TRAINING IMPLICATIONS

Even “brief amounts of additional processing time” can drastically reduce errors, the researchers note, but in the police and military worlds “allowing such additional time is not always an option, as some decisions must be made very rapidly,” the researchers write.

“In such instances, training people to be aware of their emotions as well as the potential influence of those emotions on assessments of threat may represent one possibility for enhancing accuracy.” They cite a study by other behavioral scientists suggesting that people who “typically attend to their feelings” are less likely to allow their emotions to influence judgment of risk than those who “do not typically attend to their feelings.” That is, awareness of emotion may moderate its influence.

“Accordingly,” write DeSteno and Baumann, “programs designed to improve the accuracy of individuals who must make rapid decisions (e.g., police officers) might find the most success in eliminating emotion-based biases by training individuals to be aware of their emotions and the sources of those emotions.”

Research on that premise is necessary, they conclude, along with additional investigation of the role of perceptual distortions and fear is the misidentification of threat.

COUNTERPOINT

DeSteno’s and Baumann’s current study, which did not involve LEOs as test subjects, “is going to be accepted by the academic community and subsequently by society as a whole as an explanation for officer behavior in controversial ‘mistake-of-fact’ shootings,” Lewinski predicts. And that concerns him, he says, because it is “dangerous to automatically assume that an officer is angry at the time he or she misidentifies a benign object as a threat.”

Mistake-of-fact shootings, he explains, “often occur in highly ambiguous circumstances with apparently defiant and resistant subjects who are engaging in dynamic, rapidly evolving behavior that appears highly threatening.”

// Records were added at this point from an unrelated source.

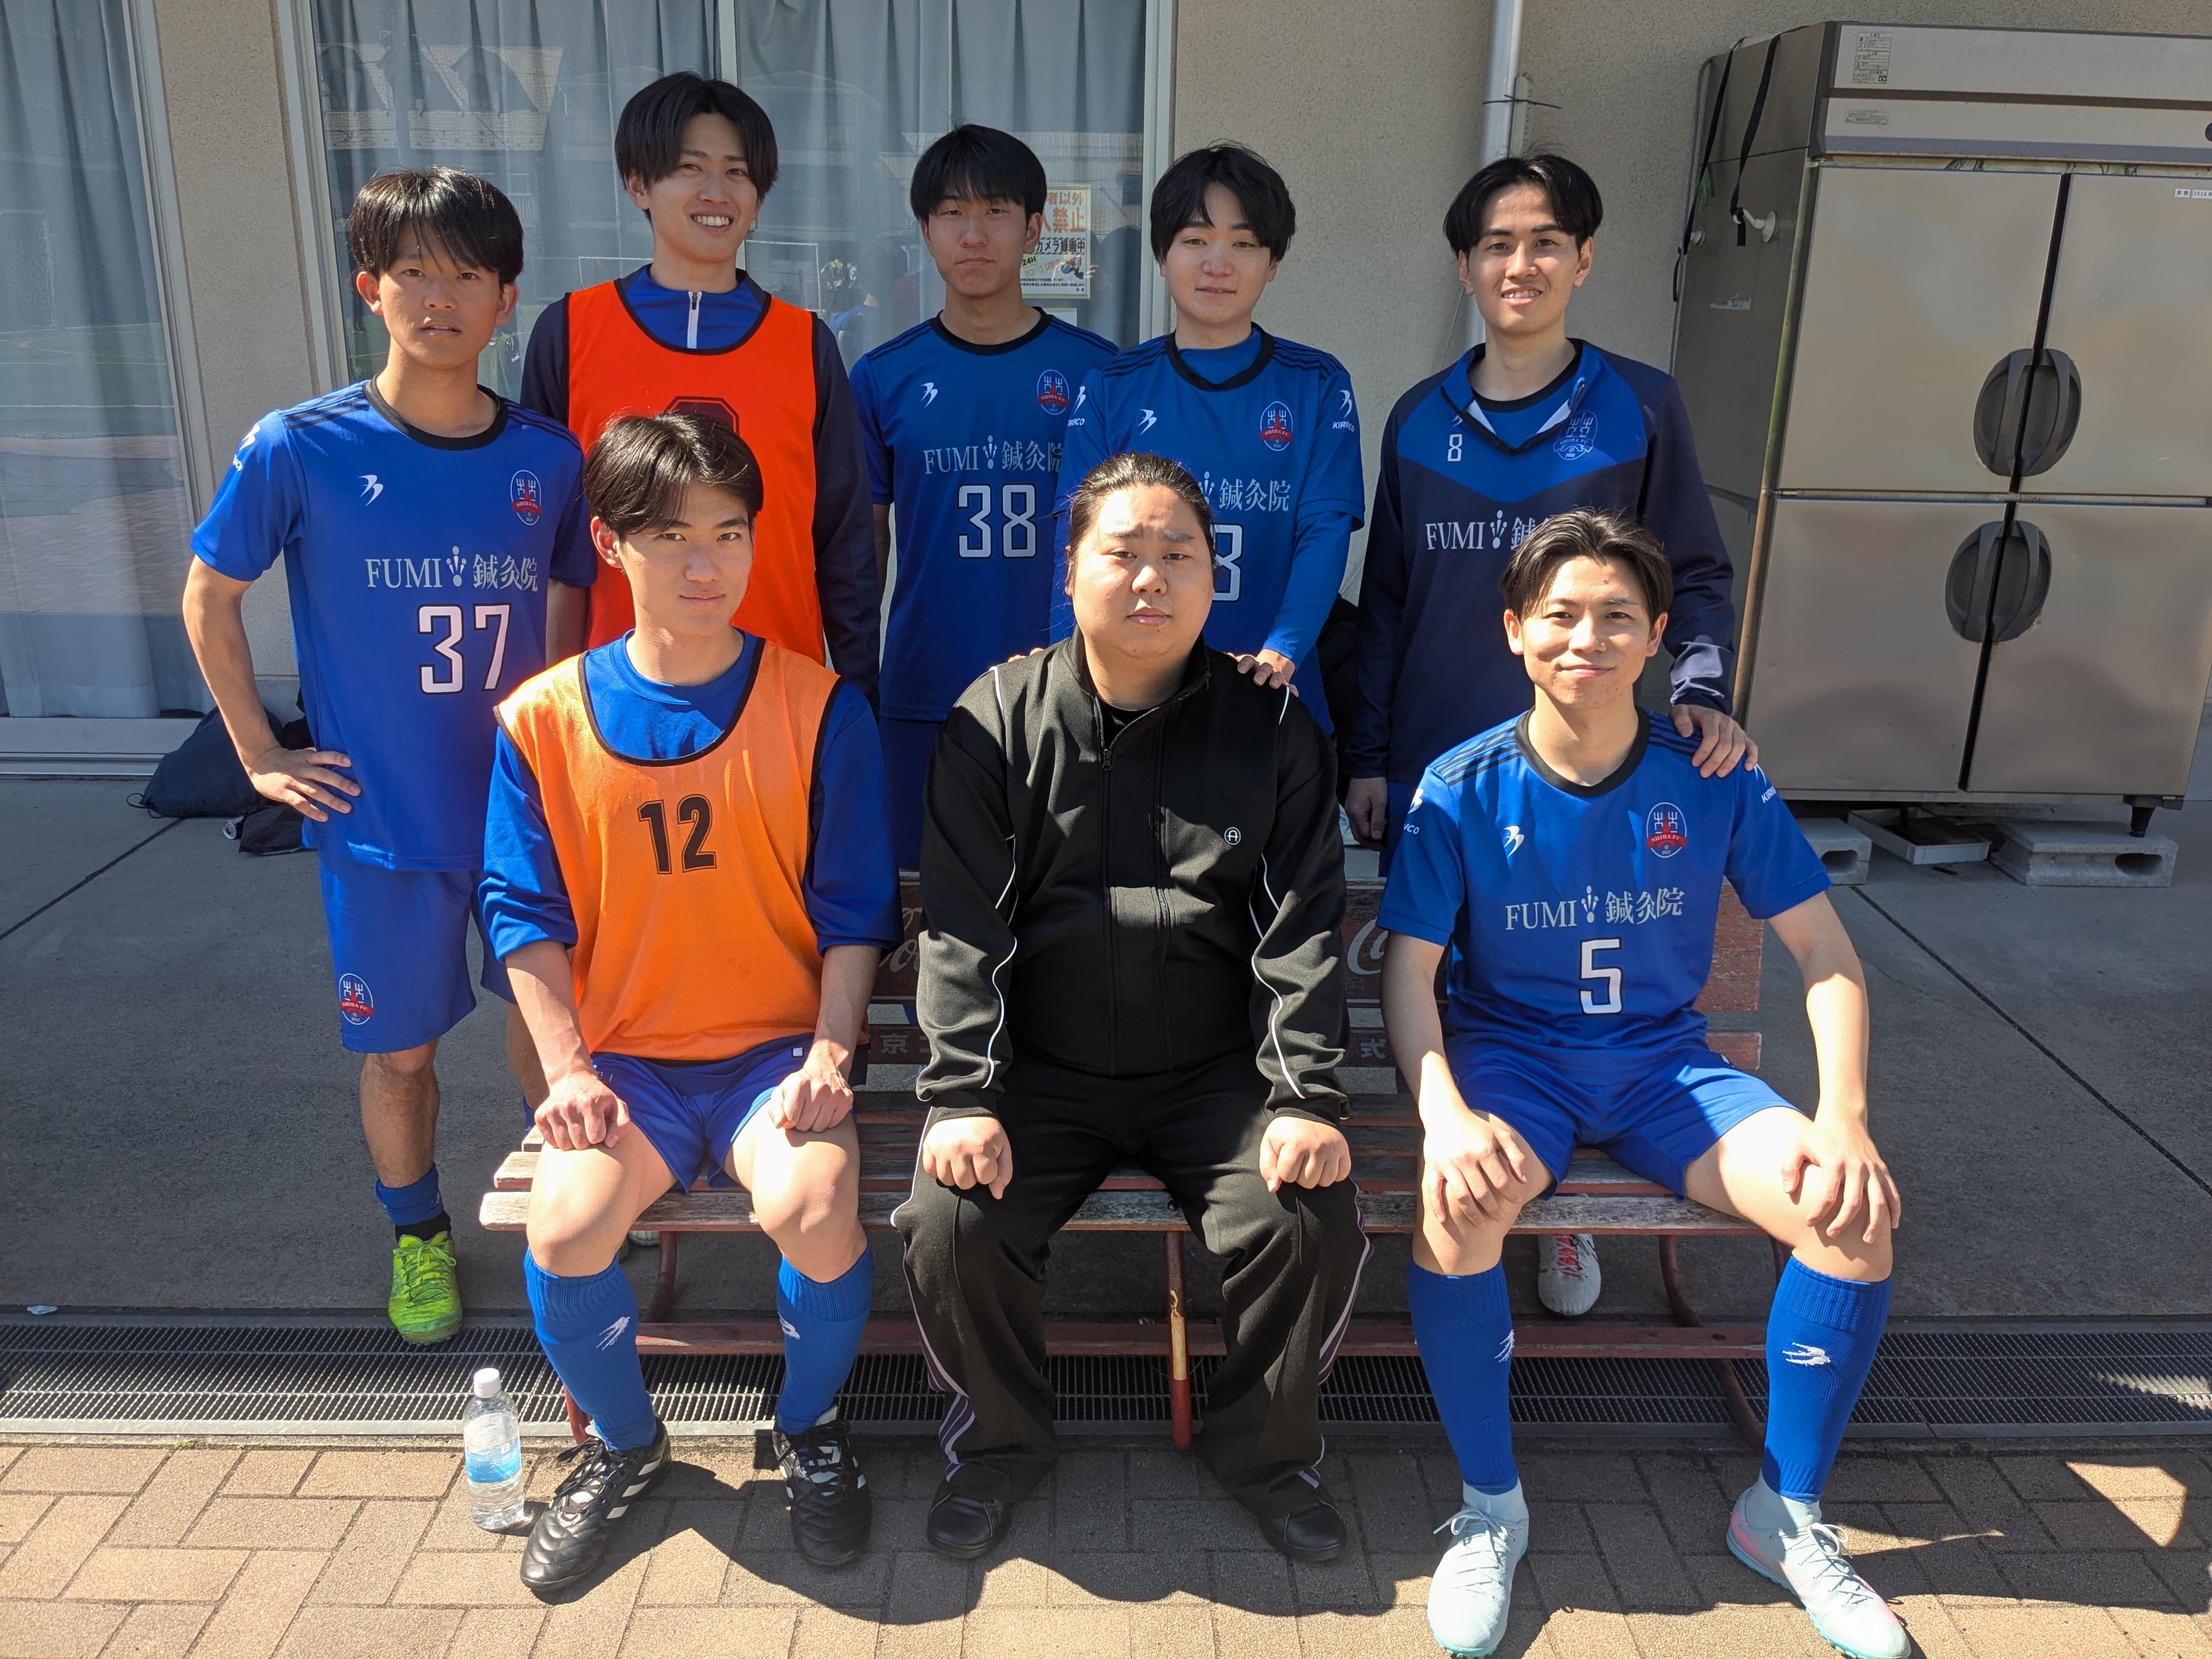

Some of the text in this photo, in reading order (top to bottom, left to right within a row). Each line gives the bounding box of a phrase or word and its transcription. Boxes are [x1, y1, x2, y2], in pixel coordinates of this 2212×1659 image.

[1023, 256, 1036, 266] 24H
[1033, 240, 1085, 252] カメラ録画中
[923, 440, 1064, 475] FUMI 鍼灸院
[1448, 434, 1463, 461] 8
[1218, 478, 1291, 512] 鍼灸院
[958, 484, 1036, 558] 38
[1425, 522, 1486, 550] FUMI
[364, 554, 538, 592] FUMI 鍼灸院
[417, 603, 512, 694] 37
[637, 793, 717, 874] 12
[1505, 887, 1685, 930] FUMI 鍼灸院
[1580, 937, 1622, 1014] 5

Lewinski has personally interviewed well over 1,000 officers who have survived shooting encounters. His investigations have convinced him that rather than feeling angry in mistaken shootings (as well as in other types of lethal encounters), “officers usually appear to be emotionally intense, very concerned, and even fearful about a situation that appears to be rapidly deteriorating and over which they have little control. They know that if they don’t act quickly, they could die.

“Having moderately angry civilian research subjects judge an object in a flash picture on a computer screen is interesting and may have some useful training considerations. But it does not duplicate the complex decision processes of an officer engaged in a real-world encounter.

“Unfortunately, there are many people who will infer that it does and the law enforcement community needs to be aware of the pitfalls of attaching too much relevancy to research at this early stage of development.”